El estreno ha tenido esa atmósfera tan particular de las vueltas de una semana, donde no hay espacio para el sesteo ni las transiciones. La jornada comenzó plomiza y amenazante, dejándonos una primera mitad de etapa con los impermeables puestos sobre el maillot amarillo y azul del líder, Alex Baudin. Sin embargo, la tregua del cielo en el tramo final nos ha permitido disfrutar de un ciclismo limpio, rápido y sin concesiones camino de Le Puy-en-Velay.
Se nota en el ambiente que faltan los grandes capos. La ausencia de Pogačar o Vingegaard le quita a la carrera ese punto de tiranía robótica a la que nos están acostumbrando los tiempos modernos, pero a cambio nos regala un ciclismo más terrenal, más impredecible. También la cabina se siente extraña sin el contrapunto de Pedro Delgado; nos faltan sus despistes geniales en estas tardes donde la frialdad de los datos técnicos parece querer colonizarlo todo. Sin Perico, el ciclismo de junio pierde un poco de su vieja picaresca.
A falta de quince kilómetros, con Ben Healy vaciándose al frente de un pelotón impotente, la ventaja de la escapada ya dictaba sentencia. Fue en la cota de Saint-Vidal donde Anthon Charmig lanzó su órdago en solitario.
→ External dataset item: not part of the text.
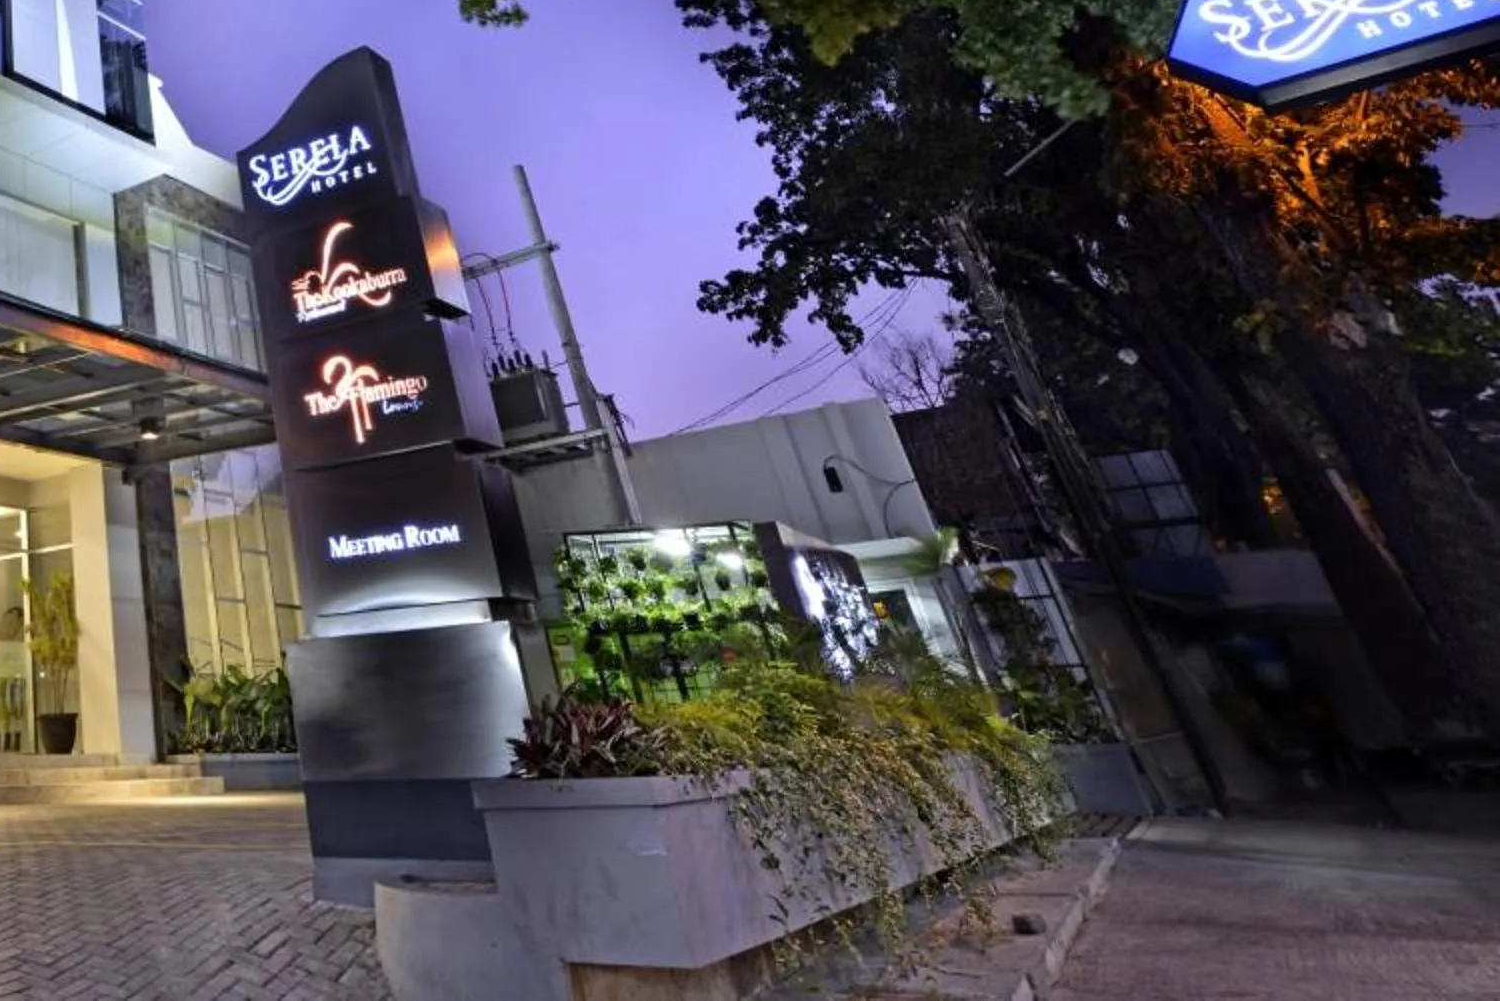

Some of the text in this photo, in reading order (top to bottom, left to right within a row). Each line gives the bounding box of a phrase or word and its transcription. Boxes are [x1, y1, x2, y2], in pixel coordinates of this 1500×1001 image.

El danés del Uno-X Mobility supo gestionar con maestría esos dieciocho segundos de agonía frente al grupo perseguidor. A sus 28 años —un chaval a ojos de quien ya peina canas, aunque en el pelotón actual parezca casi un veterano—, Charmig demostró una sangre fría formidable para aguantar el pulso y alzar los brazos en meta.
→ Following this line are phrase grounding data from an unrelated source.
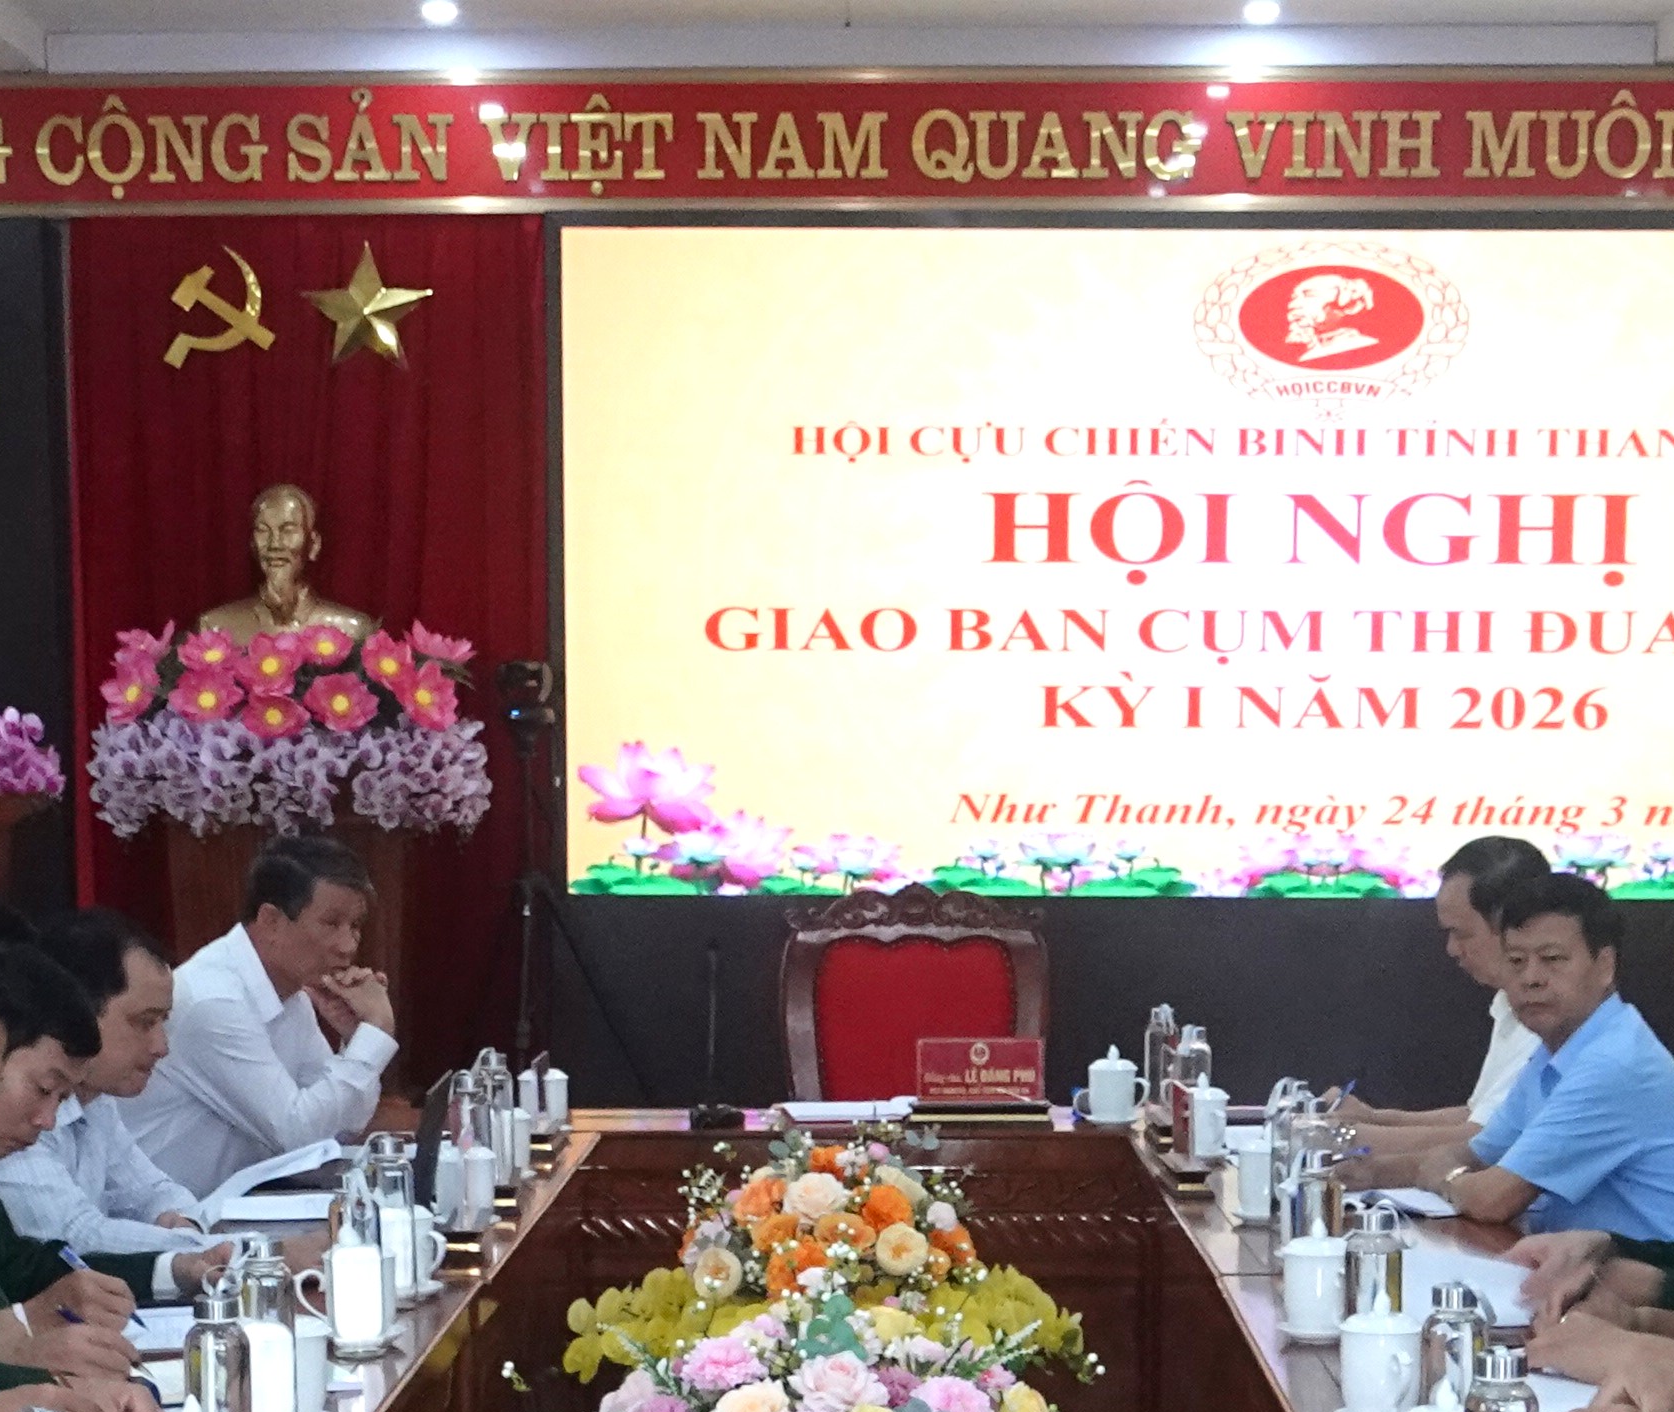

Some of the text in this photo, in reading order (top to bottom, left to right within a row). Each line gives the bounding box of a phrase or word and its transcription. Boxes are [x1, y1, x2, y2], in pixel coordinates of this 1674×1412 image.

[35, 94, 269, 200] CỘNG
[286, 88, 454, 182] SẢN
[479, 93, 674, 196] VIỆT
[696, 112, 889, 180] NAM
[911, 108, 1202, 183] QUANG
[1226, 111, 1442, 179] VINH
[791, 421, 891, 464] HỘI
[908, 420, 1026, 464] CỰU
[1238, 427, 1368, 457] BINH
[981, 479, 1639, 587] HỘI NGHỊ
[703, 606, 919, 652] GIAO
[947, 607, 1110, 652] BAN
[1137, 608, 1325, 665] CỤM
[1353, 610, 1496, 654] THI
[1041, 671, 1609, 731] KỲ I NĂM 2026
[949, 793, 1057, 825] Như
[1076, 793, 1236, 830] Thanh,
[1254, 794, 1367, 834] ngày
[1382, 795, 1438, 827] 24
[1451, 795, 1585, 834] tháng
[1600, 795, 1629, 828] 3
Atrás, el acelerón final del pelotón sirvió para neutralizar la minutada de la fuga y mantener el orden establecido. Alex Baudin conserva la preciada prenda amarilla y azul de líder, seguido en la general por dos jóvenes talentos que vigilan su estela a 32 segundos: el belga Ramses Debruyne y el prometedor francés Léo Bisiaux.
Las tres crónicas de las chicas que quedan guardadas en el archivo de este blog ya no están solas; hoy se les ha unido la astucia de Charmig en las carreteras de Auvernia y un podio provisional que mañana se someterá al implacable veredicto de la contrarreloj por equipos. La temporada no ha hecho más que empezar, y el cuaderno ya rueda a golpe de pedal.